Die "Geschichte der evangelischen Gemeinde Theresienstadt", geschrieben 1946 von Arthur Goldschmidt, dem Vater des Schriftstellers Georges-Arthur Goldschmidt, verwandelt sich in eine Novelle.

Von Peter Handke

Dr. Arthur Goldschmidt, 1873 - 1947, Richter und Maler in Hamburg/Reinbek, von 1942 bis 1945 interniert in Theresienstadt und Vater von Georges-Arthur Goldschmidt, verfasste 1946 einen Bericht über seine Tätigkeit als protestantischer Seelsorger in Theresienstadt.

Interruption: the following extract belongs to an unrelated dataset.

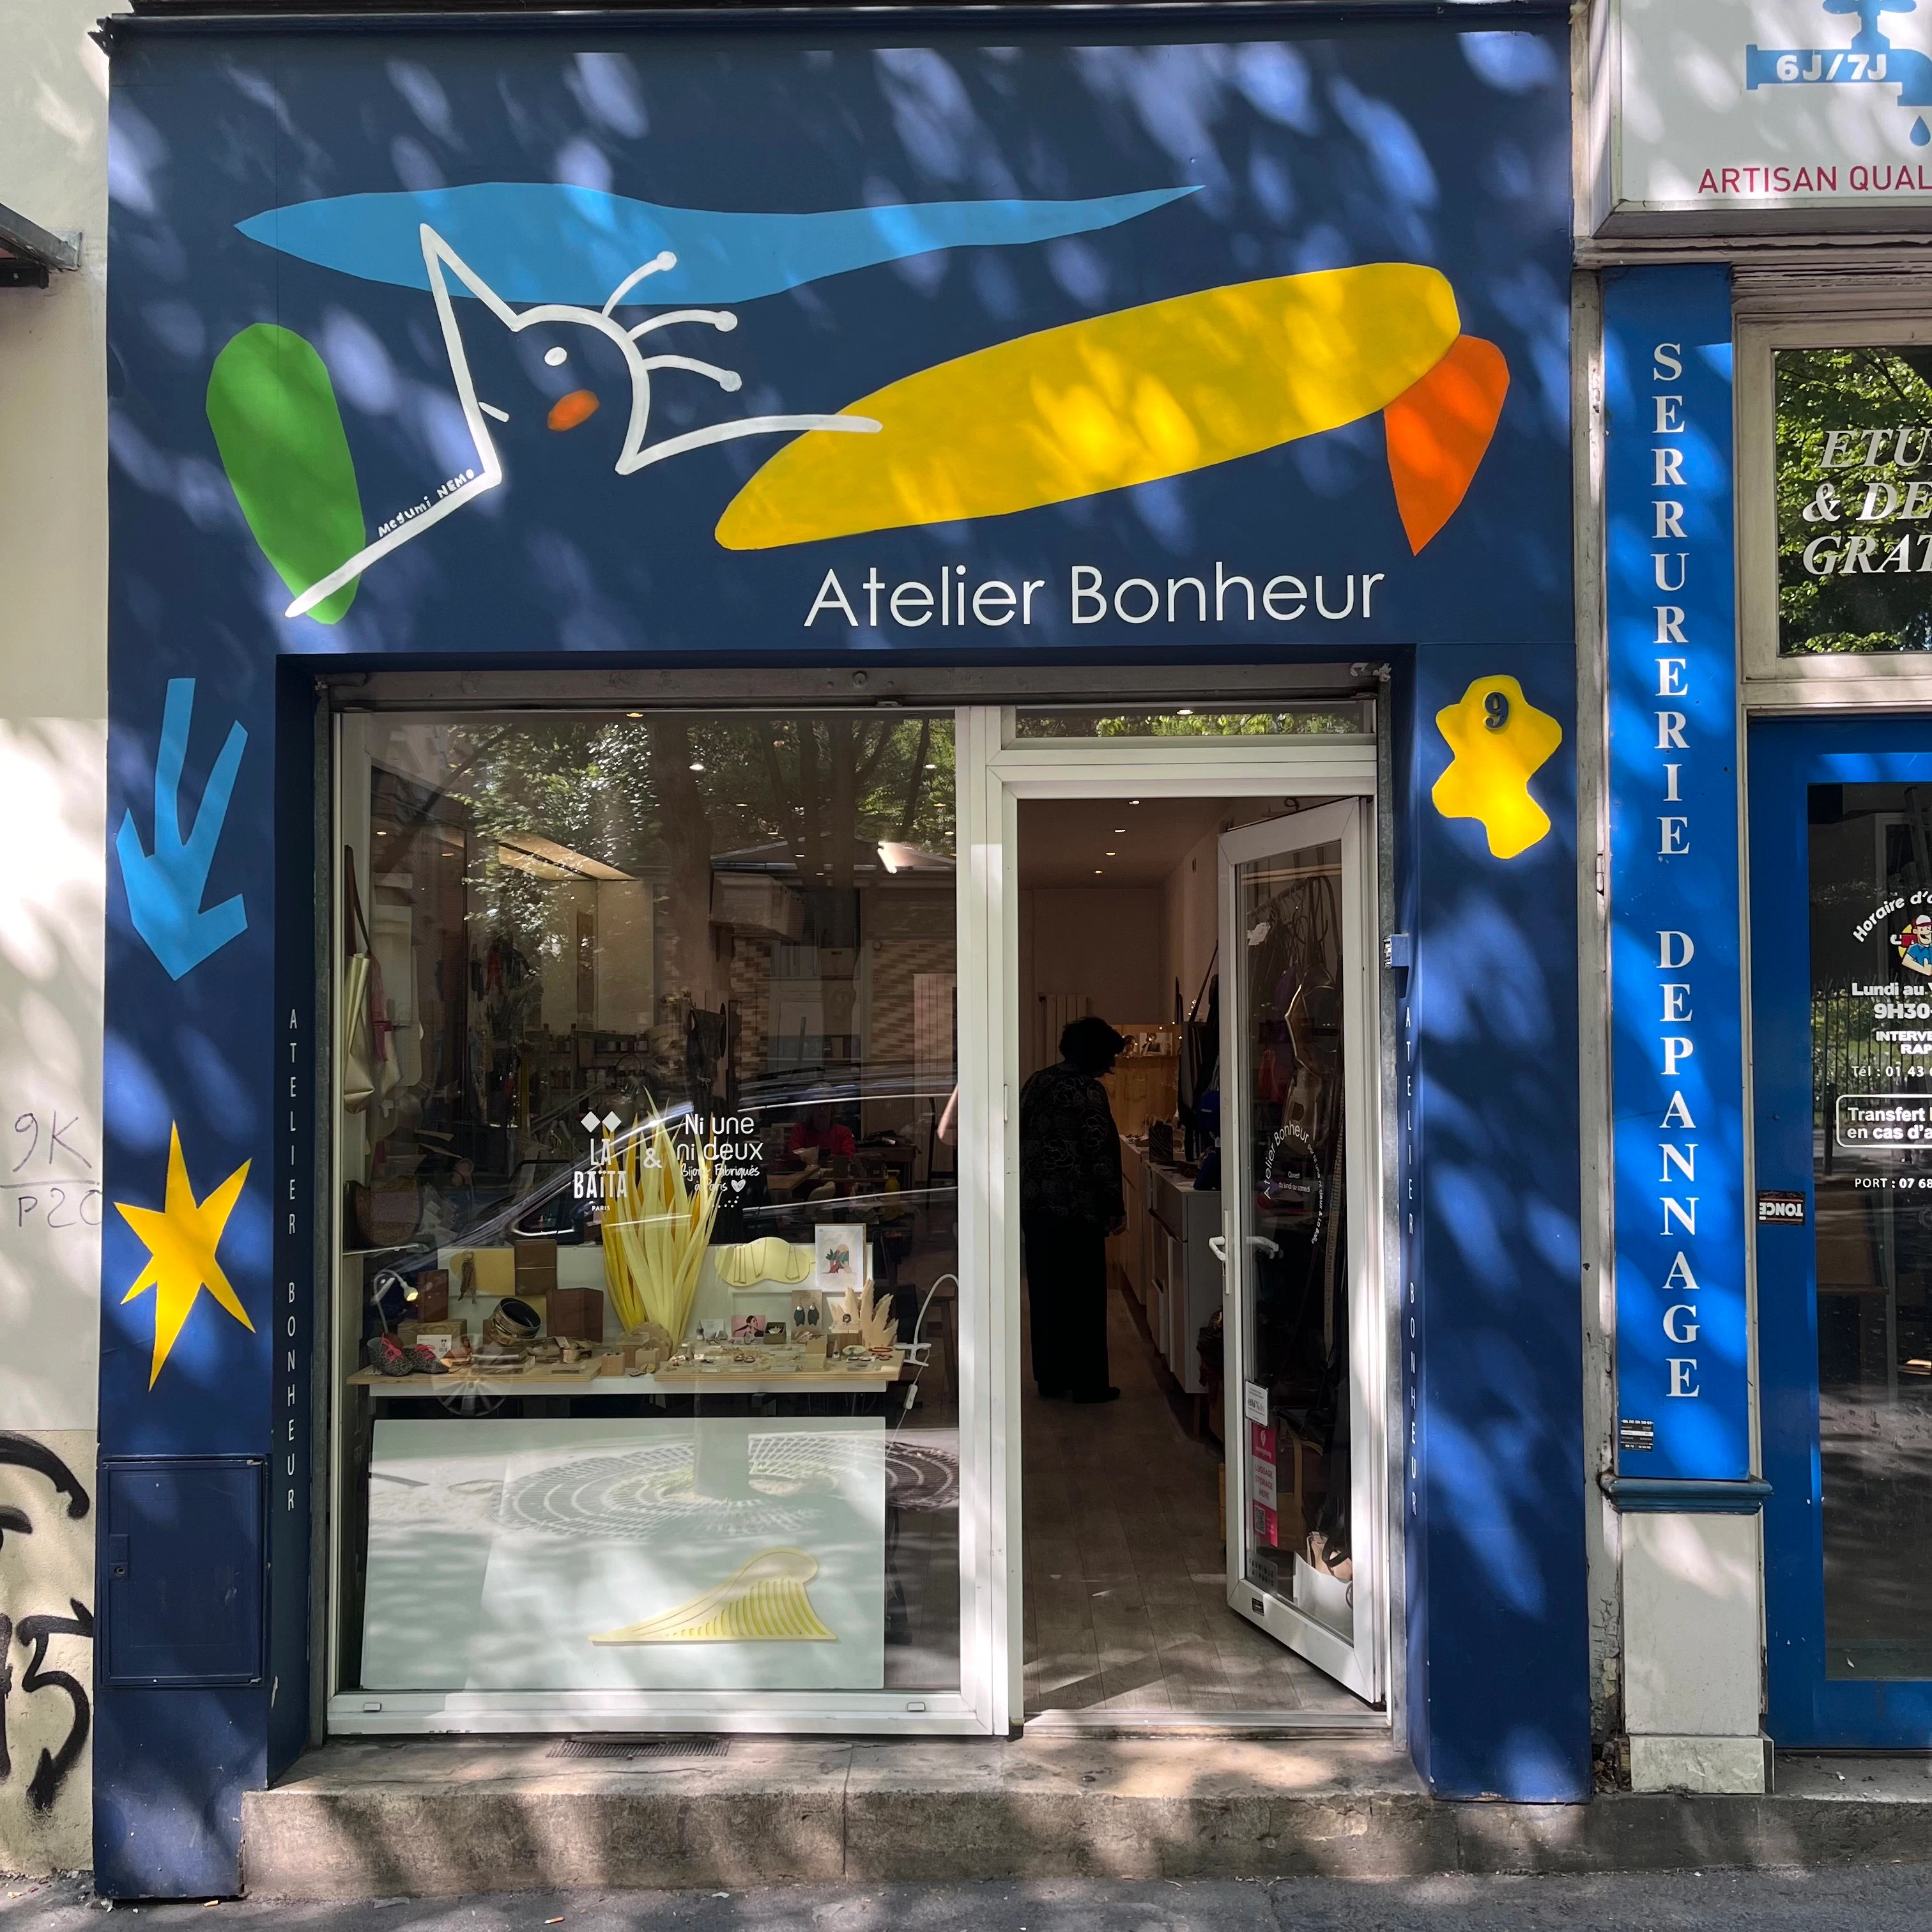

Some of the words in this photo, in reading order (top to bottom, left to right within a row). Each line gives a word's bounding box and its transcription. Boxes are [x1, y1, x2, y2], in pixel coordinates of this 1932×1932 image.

Diese Chronik von drei Jahren, 1942 - 1945, zu den in Theresienstadt internierten Juden und "Juden" - Anführungszeichen vom Chronisten Arthur Goldschmidt, vormals Oberlandesgerichtsrat in Hamburg, ab 1933 nur noch "Maler" in Reinbek - hebt an wie eine Novelle aus einem anderen Jahrhundert: "Theresienstadt liegt an der Eger, unweit von Leitmeritz an der Elbe, in einer fruchtbaren Landschaft Böhmens. Es ist eine von Kaiser Josef II. auf geometrischem Grundriß erbaute kleine Festungsstadt, in ihrer alten Anlage umschlossen von Festungswällen und Gräben ..."

Diese "Geschichte der evangelischen Gemeinde Theresienstadt", so Arthur Goldschmidts Titel seiner Chronik, verwandelt sich beim Lesen, unter der Hand, so tatsächlich wie leibhaftig in eine Novelle, und das nicht nur in dem klassischen Sinn der "unerhörten Begebenheit(en)": eine Novelle, wie es sie in der Form noch nie gegeben hat, eine unerhörte Neuigkeit; (fast) vollkommen sachlich vorgetragen, eben als Chronik einer lang zurückliegenden Begebenheit - dabei niedergeschrieben 1946, gleich im Jahr der, wie es bei Goldschmidt heißt, "Rettung und Befreiung", die "den Gedanken an die Niederlage und den Untergang Deutschlands in sich schloß", und zwar "herzbedrückend".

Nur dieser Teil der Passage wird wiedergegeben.